**Exercise requirements:** Wherever a picture appears, leave it out, and transcribe the rest of the records exactly.

**Input:**

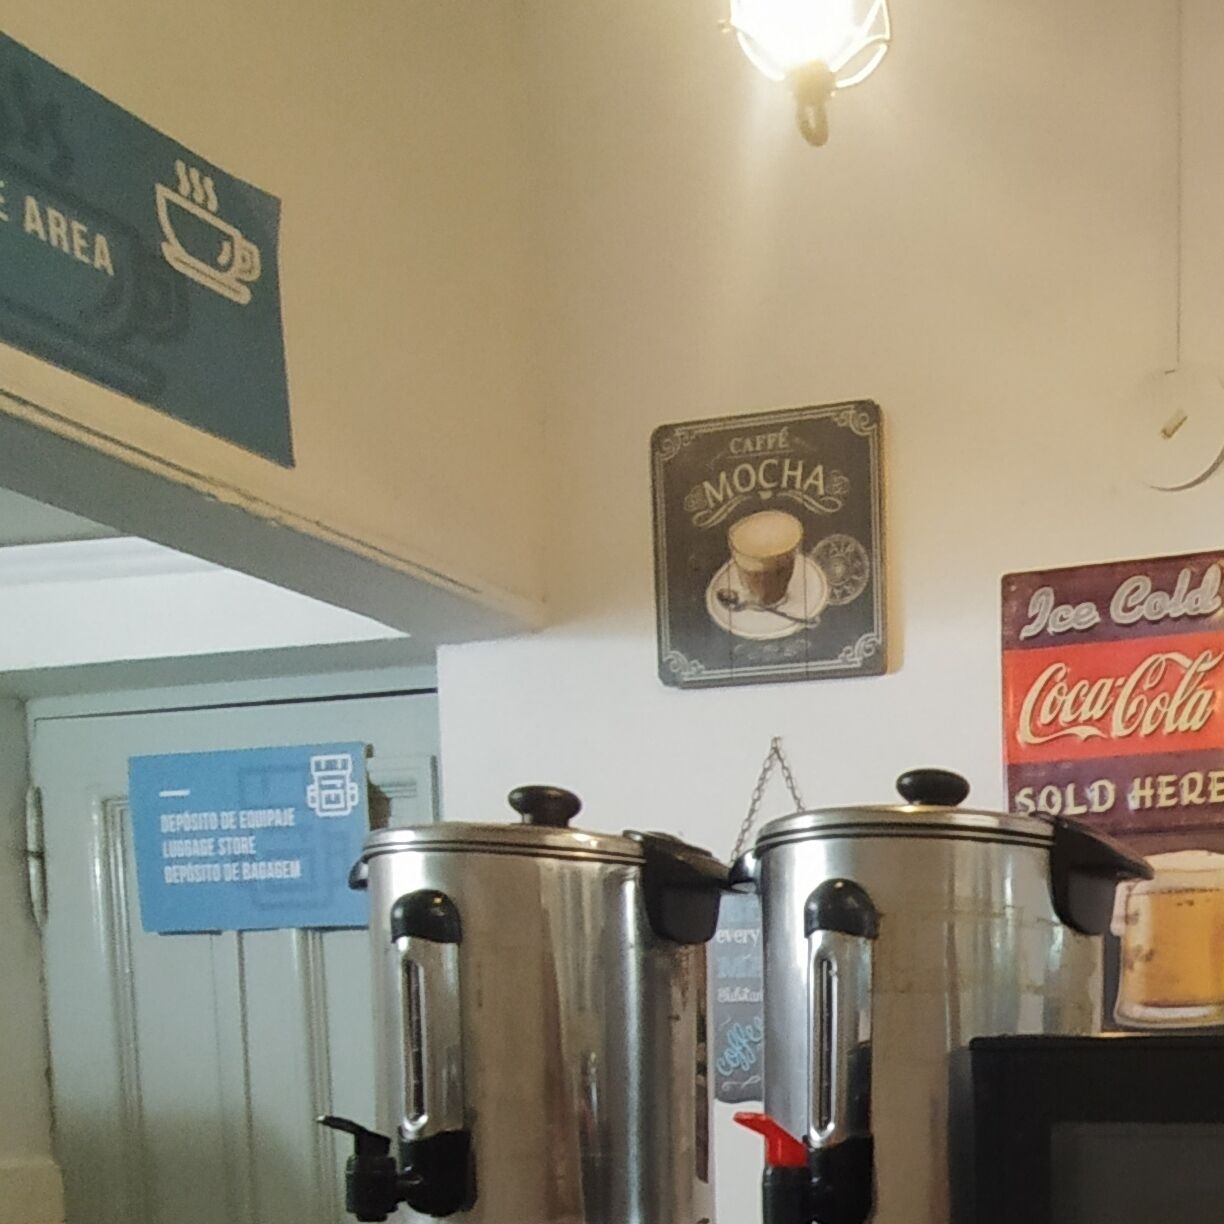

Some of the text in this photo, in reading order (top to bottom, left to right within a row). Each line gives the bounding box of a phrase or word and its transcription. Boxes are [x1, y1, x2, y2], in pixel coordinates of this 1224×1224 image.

[24, 195, 114, 276] AREA
[729, 427, 790, 455] CAFFÉ
[702, 459, 825, 507] MOCHA
[1020, 563, 1224, 640] Ice Cold
[1016, 649, 1224, 744] Coca-Cola
[1015, 779, 1116, 816] SOLD
[220, 811, 236, 829] DE
[239, 808, 295, 828] EQUIPAJE
[162, 836, 256, 858] LUGGAGE STORE
[223, 863, 240, 881] DE
[716, 928, 760, 946] every

**Task output:**
Some of the text in this photo, in reading order (top to bottom, left to right within a row). Each line gives the bounding box of a phrase or word and its transcription. Boxes are [x1, y1, x2, y2], in pixel coordinates of this 1224×1224 image.

[24, 195, 114, 276] AREA
[729, 427, 790, 455] CAFFÉ
[702, 459, 825, 507] MOCHA
[1020, 563, 1224, 640] Ice Cold
[1016, 649, 1224, 744] Coca-Cola
[1015, 779, 1116, 816] SOLD
[220, 811, 236, 829] DE
[239, 808, 295, 828] EQUIPAJE
[162, 836, 256, 858] LUGGAGE STORE
[223, 863, 240, 881] DE
[716, 928, 760, 946] every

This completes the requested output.